Q. In addition to psychotherapy, which antidepressants are best used to treat dysthymia and depression? (First line medications.) Which symptoms will it treat? In other words, what sort of relief can a patient expect by taking these drugs? What are the side effects that each drug possess?

A. As your question implies, medication is only part of the approach to depression--psychotherapy is also very important, and there is good evidence that the two together work better than either treatment alone. Indeed, there is some evidence that each kind of treatment may benefit certain symptoms of depression more than others. As a general rule, antidepressants are more likely to help with the somatic aspects of depression, such as insomnia, low energy, impaired concentration, decreased sex drive, etc. (As I'll mention below, some antidepressants can provoke sexual side effects).

Psychotherapy tends to be more useful for the psychological aspects of depression, such as low self-esteem; guilt or feelings of unworthiness; catastrophic thinking; and various interpersonal problems that often complicate depression. Sometimes, medication provides the jump start necessary before a severely depressed individual has the energy to really work in psychotherapy. However, for mild-to-moderate, non-bipolar depression without psychotic features, psychotherapy may suffice for many patients.

Regarding specific antidepressants: in current practice, the so-called SSRIs and their close cousins are usually considered the medications of first choice. These agents include fluoxetine [Prozac], sertraline [Zoloft], paroxetine [Paxil], citalopram [Celexa], and related agents, such as nefazodone [Serzone] and venlafaxine [Effexor]. However, this does not necessarily mean that these agents are always the most effective. Some clinicians continue to believe that for very severe depression, especially in elderly patients, the old standby tricyclic agents are still the most effective. However, owing to the potential toxicity (e.g., in overdose) and numerous side effects of the tricyclics, these are generally regarded as second line agents for most patients.

Common side effects from the SSRIs [Prozac, Zoloft, Paxil, Celexa, Luvox] include gastrointestinal complaints, headache, and (unfortunately) sexual dysfunction. Some patients may complain, initially, of agitation or tremor. The SSRIs may provoke either insomnia or drowsiness in about 1 in 5 patients. Sexual side effects may occur in as many as 60% of patients taking an SSRI (which stands for selective serotonin reuptake inhibitor). Nefazodone is much less likely to provoke this problem. Another non-tricyclic, bupropion [Wellbutrin], is also considered a first-line agent for most depressed patients-not those with a seizure history or an eating disorder, however-and has very little tendency to cause sexual problems.
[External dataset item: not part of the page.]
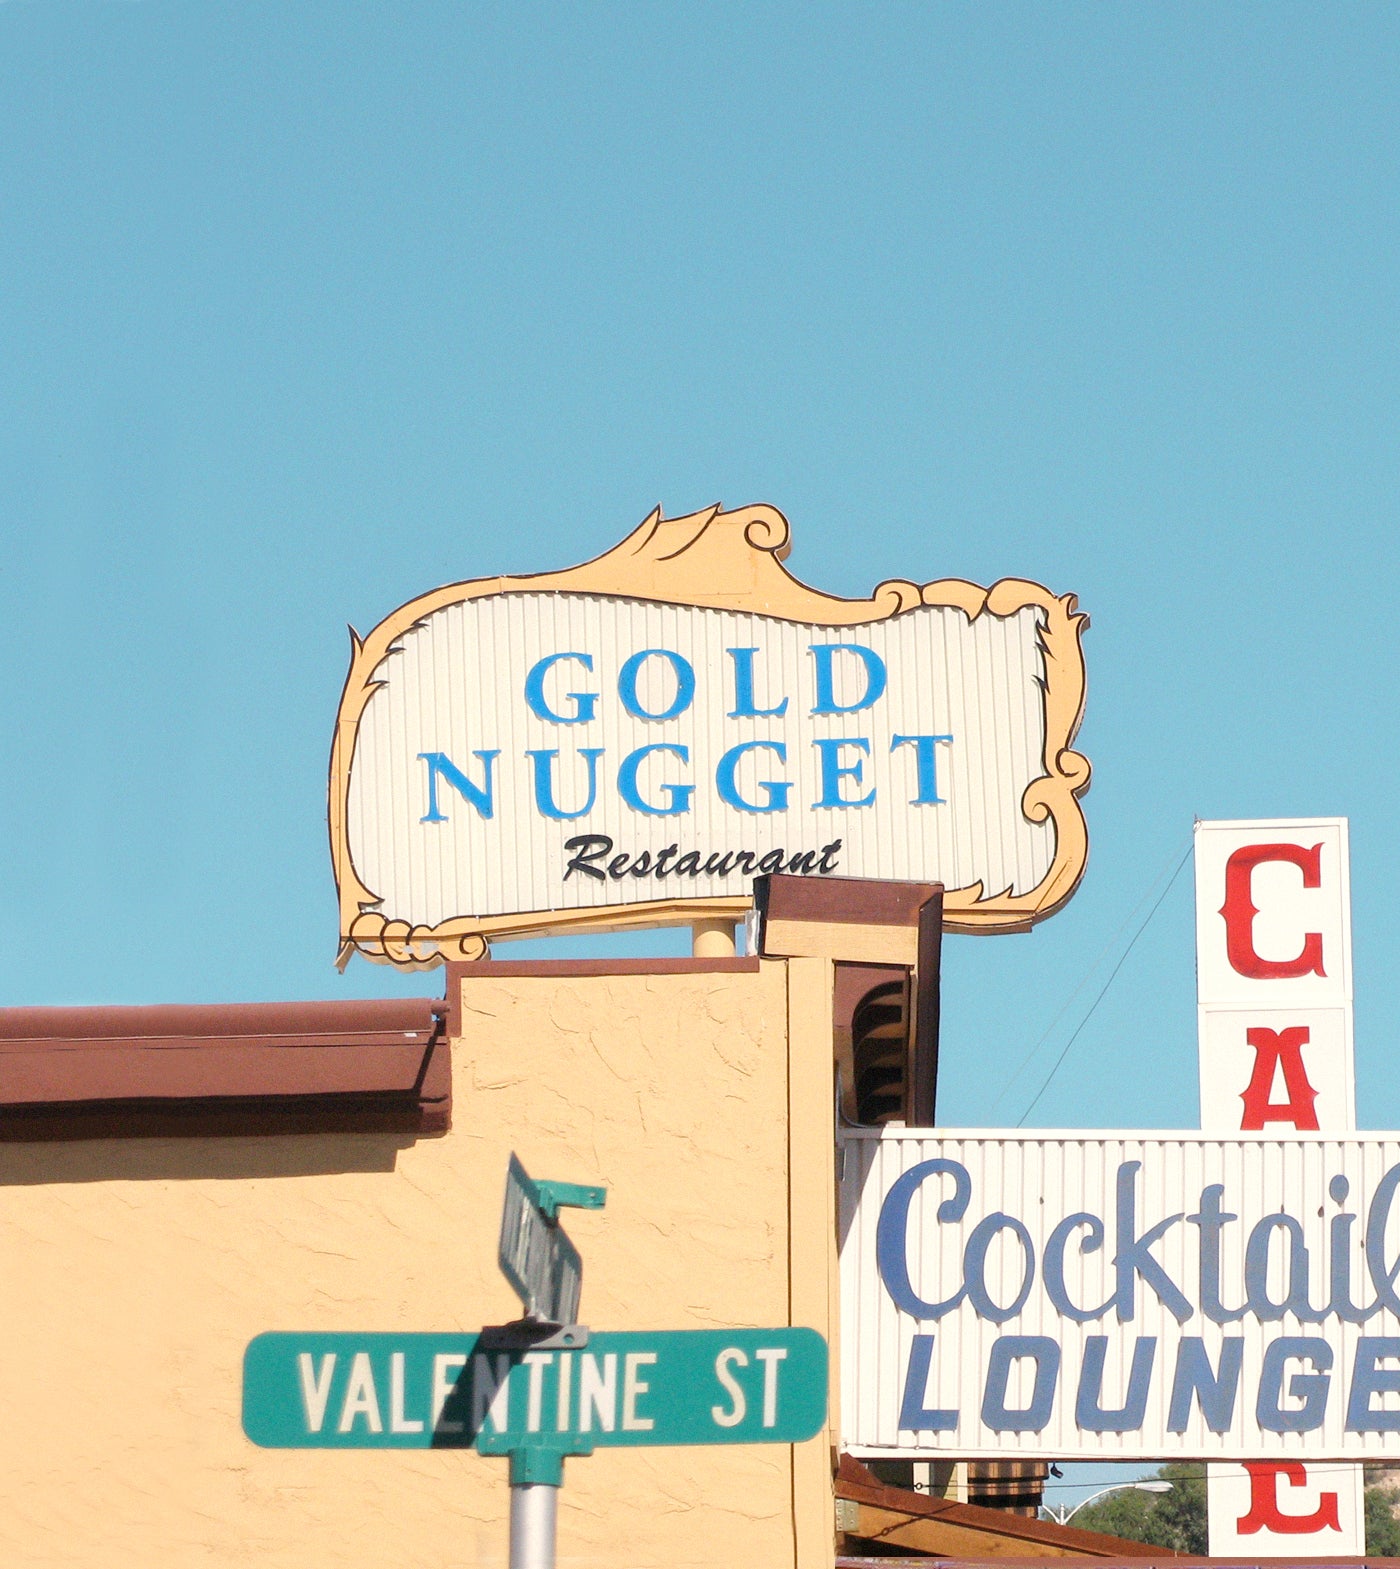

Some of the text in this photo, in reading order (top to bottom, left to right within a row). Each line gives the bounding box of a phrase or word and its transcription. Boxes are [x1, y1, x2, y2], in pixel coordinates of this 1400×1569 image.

[524, 643, 888, 724] GOLD
[418, 734, 954, 822] NUGGET
[564, 834, 842, 881] Restaurant
[299, 1347, 788, 1434] VALENTINE ST
With the older tricyclics, the typical side effects are dry mouth, blurry vision, constipation, sedation, and lightheadedness or dizziness. The tricyclics can also have some negative effects on the heart. For much more details on specific drugs and their side effects, you can take a look at my book, "Handbook of Essential Psychopharmacology", or "Prozac and the New Antidepressants", by Dr. William S. Appleton. Another excellent source of information on depression is Dr. John Medina's book, "Depression: How it Happens, How It's Healed."